Потом поднялся и пошел к шкафу. Убрал пальто, шапку и по привычке заглянул в другое отделение. Там на полке стояла бутылка кефира, а на ней, как чалма, булка с маком. «Дьячок, я съем?» — простодушно спросил Олег. Вася рявкнул: «Это мой завтрак!» Не жалко ему было — просто от душевной тоски ненавидел он весь мир и в том числе соседа по комнате. А тот спокойно понес кефир и булку на стол. «Корнилов мне на психику давит, дескать, прыткий я очень, — рассказывал Олег, вытряхивая кефир в стакан. Рвал булку зубами, чавкал и пришмыгивал носом. — Сам увяз в цифири и других за собой тащит. Только мне лазер нужен, а не кандидатская степень. И он готов, ты знаешь. А как я его собирал? Там трансформатор выпросил, там блок конденсаторов спер, там дроссель на свалке откопал. Теперь, в принципе, все есть. Только генерации нет. Не возбуждается газ в трубке, хоть ты тресни!.. А Корнилов доволен. Ходит, нудит: неучам в науке не место. Думает, если сам задом берет, то и другие должны. А я вот нутром чувствую: не в расчетах дело! И собрал я все правильно. Только луча почему-то нет. Понимаешь, Дьячок, не возникает луч, хоть убейся!»
Корнилова Вася немного знал. Видел его портрет на институтской доске Почета. Этакий прыщ ученый. Сплошное запоминающее устройство… Но разве можно было сравнивать Олеговы горести с тем, что терзало его, Васю Дьяченко!
Легко расправившись с Васиным завтраком, Олег пожалел: «Хороша кашка, да мала чашка!» — и повалился на свою койку — в брюках, в свитере. Не умея сдержать ярость, Вася крикнул: «Хоть бы со стола убрал, свинья!» — но Олег не реагировал. Спал, задрав колючий, с ямочкой под нижней губой, подбородок.
«Ну, допустим, у меня эрудиция, широкий кругозор, — думал Вася, стоя у окна. — Допустим, я умнее Олега. Даже на курсе мне равных нет. Даже в институте… А что толку? Радости — нет. А зависть — душит!»
Признавшись себе в этом, Вася почувствовал некоторое облегчение.
— Олежка, Олег! — затормошил он соседа. — Разделся бы, что ли… Хоть брюки сними!
Олег сел, мутными, дурными глазами взглянул на Васю. Молча стянул с себя брюки, свитер, бросил на стул и залез под одеяло.

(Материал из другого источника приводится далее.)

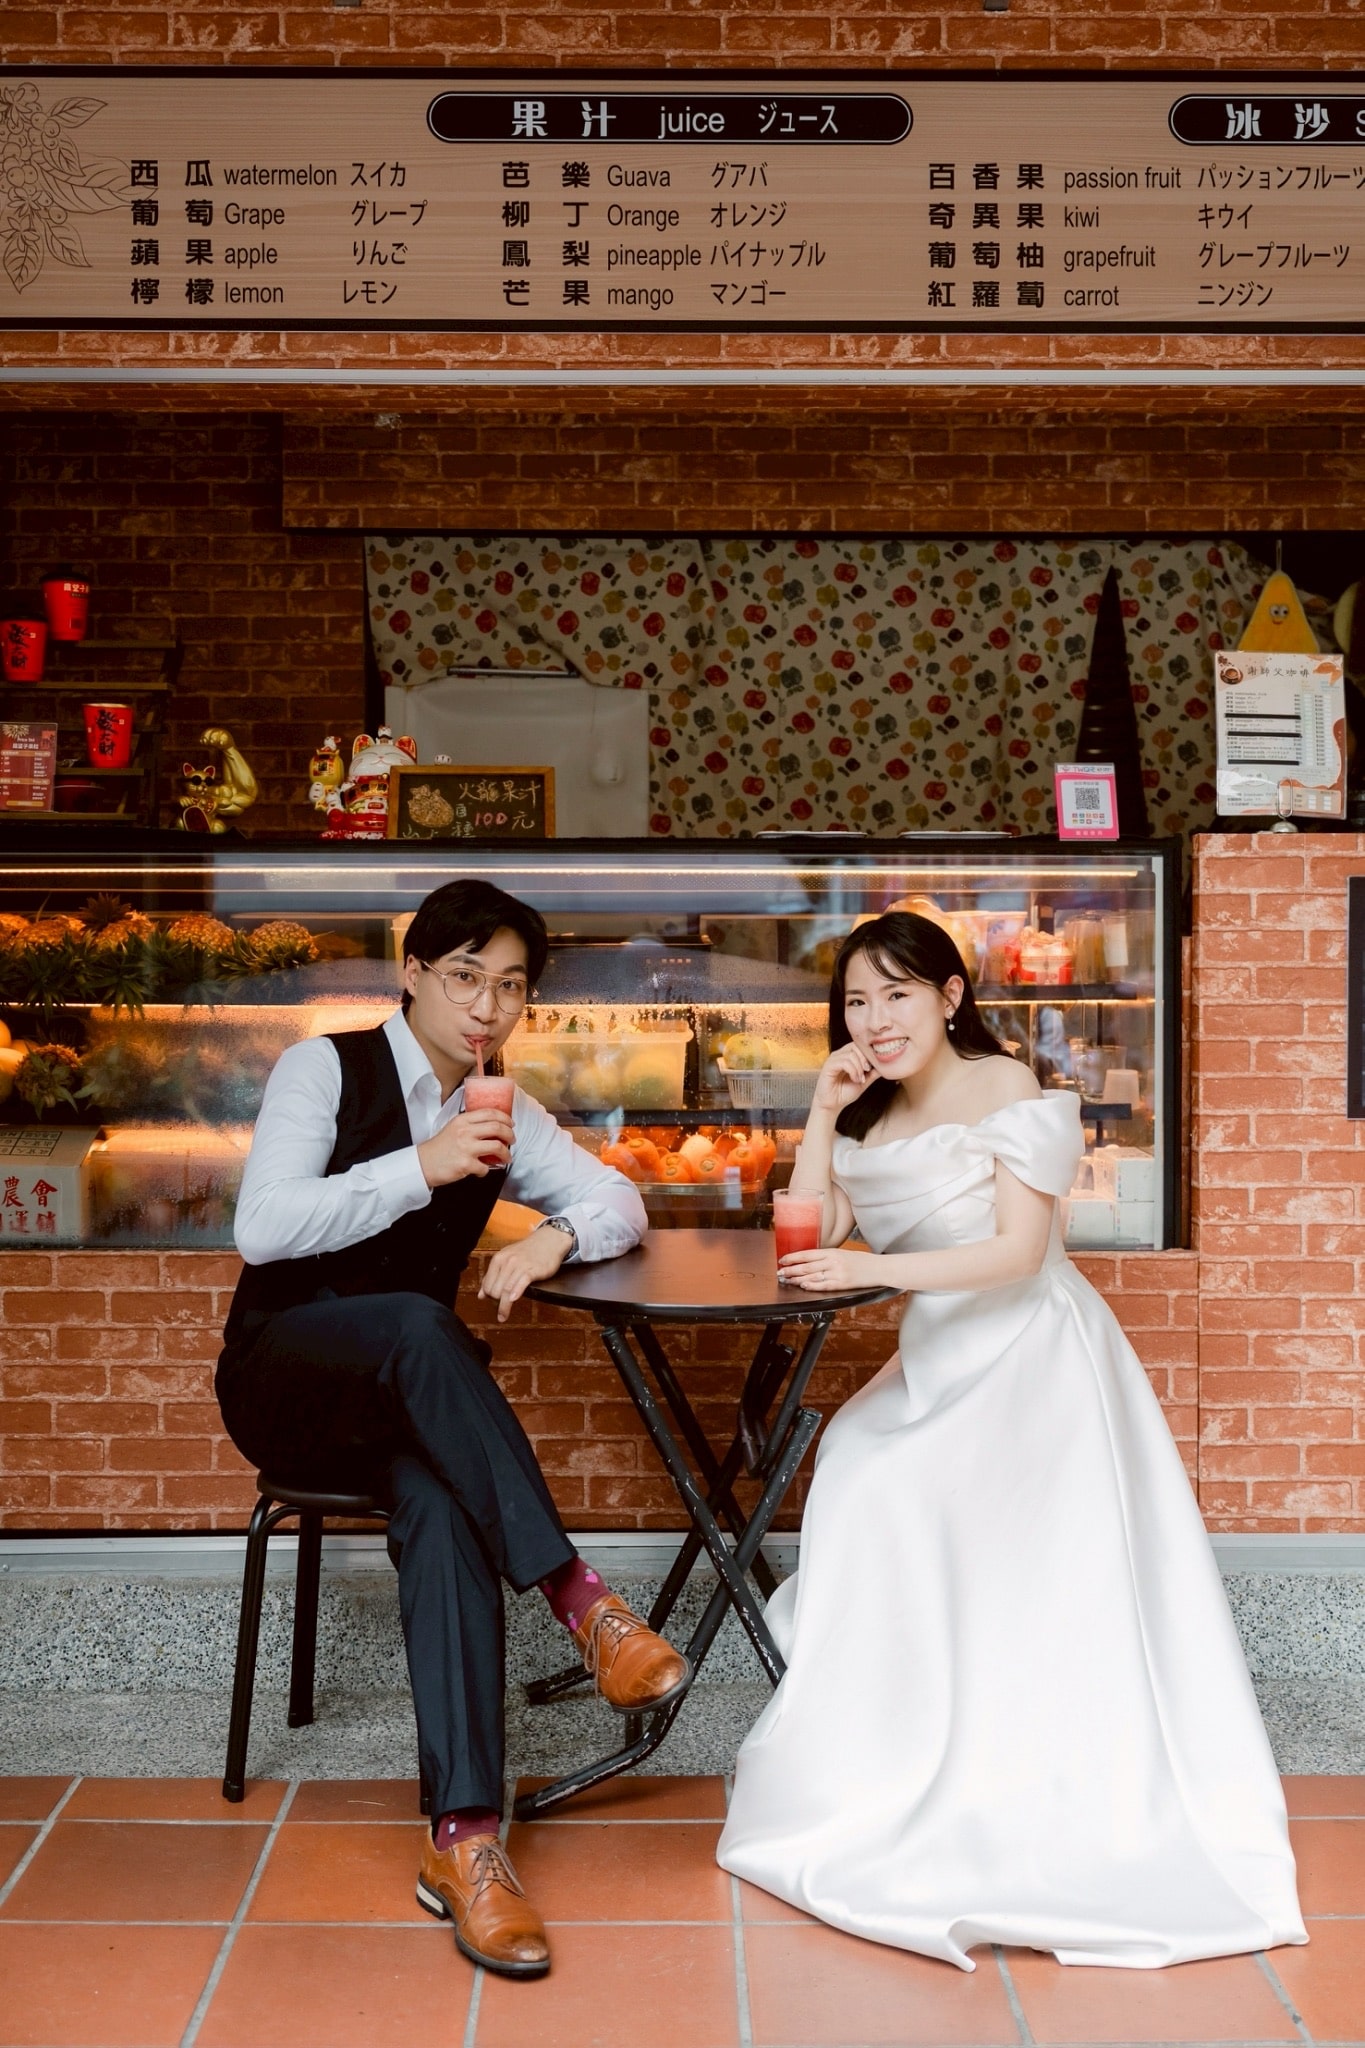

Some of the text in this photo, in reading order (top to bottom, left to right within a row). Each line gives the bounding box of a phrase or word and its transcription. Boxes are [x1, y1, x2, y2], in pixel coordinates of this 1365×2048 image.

[511, 100, 840, 140] 果汁 juice ジュース
[1224, 103, 1331, 140] 冰沙
[130, 160, 406, 189] 西瓜 watermelon スイカ
[501, 160, 769, 189] 芭樂 Guava グアバ
[928, 162, 1045, 191] 百香果
[1064, 166, 1138, 194] passion
[1144, 166, 1182, 189] fruit
[130, 198, 428, 230] 葡萄 Grape グレープ
[501, 200, 787, 231] 柳丁 Orange オレンジ
[928, 202, 1253, 230] 奇異果 kiwi キウイ
[130, 238, 408, 269] 蘋果 apple りんご
[501, 239, 826, 270] 鳳梨 pineapple パイナップル
[928, 240, 1350, 273] 葡萄柚 grapefruit グレープフルーツ
[130, 277, 398, 306] 檸檬 lemon レモン
[502, 279, 787, 311] 芒果 mango マンゴー
[927, 280, 1273, 309] 紅蘿蔔 carrot ニンジン

Вася убрал со стола бутылку из-под кефира и грязный стакан, смел крошки. Сложил Олеговы брюки, повесил на спинку стула. Достав из тумбочки пакетик с димедролом, высыпал снотворное в рот, запил водой и лег.

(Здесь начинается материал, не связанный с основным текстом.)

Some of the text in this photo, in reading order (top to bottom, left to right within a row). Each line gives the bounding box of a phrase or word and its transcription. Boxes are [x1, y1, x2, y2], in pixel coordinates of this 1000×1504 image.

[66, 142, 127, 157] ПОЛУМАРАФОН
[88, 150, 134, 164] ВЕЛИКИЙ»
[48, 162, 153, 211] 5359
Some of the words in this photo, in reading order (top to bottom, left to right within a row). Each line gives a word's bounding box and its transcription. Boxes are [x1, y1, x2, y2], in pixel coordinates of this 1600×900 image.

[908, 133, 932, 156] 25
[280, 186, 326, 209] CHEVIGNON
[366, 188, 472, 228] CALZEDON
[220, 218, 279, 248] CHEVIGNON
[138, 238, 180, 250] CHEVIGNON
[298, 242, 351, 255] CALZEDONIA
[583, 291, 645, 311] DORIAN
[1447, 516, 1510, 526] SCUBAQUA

«Сто, девяносто девять, девяносто восемь, девяносто семь…» Досчитав до единицы, Вася перевернулся с правого бока на спину и стал мысленно убеждать себя, что абсолютно спокоен, что теплота наполняет тело, уже поднялась до колен, к бедрам, захватила живот, грудь; что руки тяжелеют, их не поднять, не шевельнуть пальцами… Но оцепенение было недолгим, Вася перевернулся на живот и начал считать, заставляя себя воображать каждую отсчитываемую цифру. Досчитав до пятисот, он повернулся на левый бок и решил глушить вообще всякую мысль. Но и это оказалось трудным делом.

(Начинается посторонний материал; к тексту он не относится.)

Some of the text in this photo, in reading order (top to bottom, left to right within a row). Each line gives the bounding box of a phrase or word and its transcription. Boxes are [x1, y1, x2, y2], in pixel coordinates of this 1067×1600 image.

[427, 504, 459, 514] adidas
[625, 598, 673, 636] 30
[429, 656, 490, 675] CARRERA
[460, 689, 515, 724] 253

«Может, во мне погиб общественный деятель?.. Едва ли, для этого нужно быть беспокойным, чтобы и за других душа болела. А я — эгоцентрист. А может, и проще — эгоист!.. Спорт? Поздно!.. Наука? Например, теоретическая физика, это модно. Вслед за Эйнштейном искать суть притяжения, достраивать начатую им общую теорию поля… Тоже поздно, сотни умов давно бьются, наворочали горы уравнений, пока доберешься до вершин — пройдет вся жизнь… А что, если философия? Проникнуть в смысл человеческого бытия!.. Это у меня пошло бы, ведь я не глуп…»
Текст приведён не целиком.